Aim of the task: Repeat every line below exactly, word for word.
(Supplied material)
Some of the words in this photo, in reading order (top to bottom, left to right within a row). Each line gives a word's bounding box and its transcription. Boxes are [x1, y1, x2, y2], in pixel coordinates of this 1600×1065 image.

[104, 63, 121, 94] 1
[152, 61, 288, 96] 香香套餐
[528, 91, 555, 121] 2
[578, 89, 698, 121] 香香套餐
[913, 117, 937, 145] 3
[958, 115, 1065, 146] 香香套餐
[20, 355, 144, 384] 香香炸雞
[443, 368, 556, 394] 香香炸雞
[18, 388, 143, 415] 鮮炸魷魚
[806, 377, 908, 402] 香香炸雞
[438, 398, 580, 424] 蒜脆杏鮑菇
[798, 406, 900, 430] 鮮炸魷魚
(End Supplied material)
Written answer:
Some of the words in this photo, in reading order (top to bottom, left to right within a row). Each line gives a word's bounding box and its transcription. Boxes are [x1, y1, x2, y2], in pixel coordinates of this 1600×1065 image.

[104, 63, 121, 94] 1
[152, 61, 288, 96] 香香套餐
[528, 91, 555, 121] 2
[578, 89, 698, 121] 香香套餐
[913, 117, 937, 145] 3
[958, 115, 1065, 146] 香香套餐
[20, 355, 144, 384] 香香炸雞
[443, 368, 556, 394] 香香炸雞
[18, 388, 143, 415] 鮮炸魷魚
[806, 377, 908, 402] 香香炸雞
[438, 398, 580, 424] 蒜脆杏鮑菇
[798, 406, 900, 430] 鮮炸魷魚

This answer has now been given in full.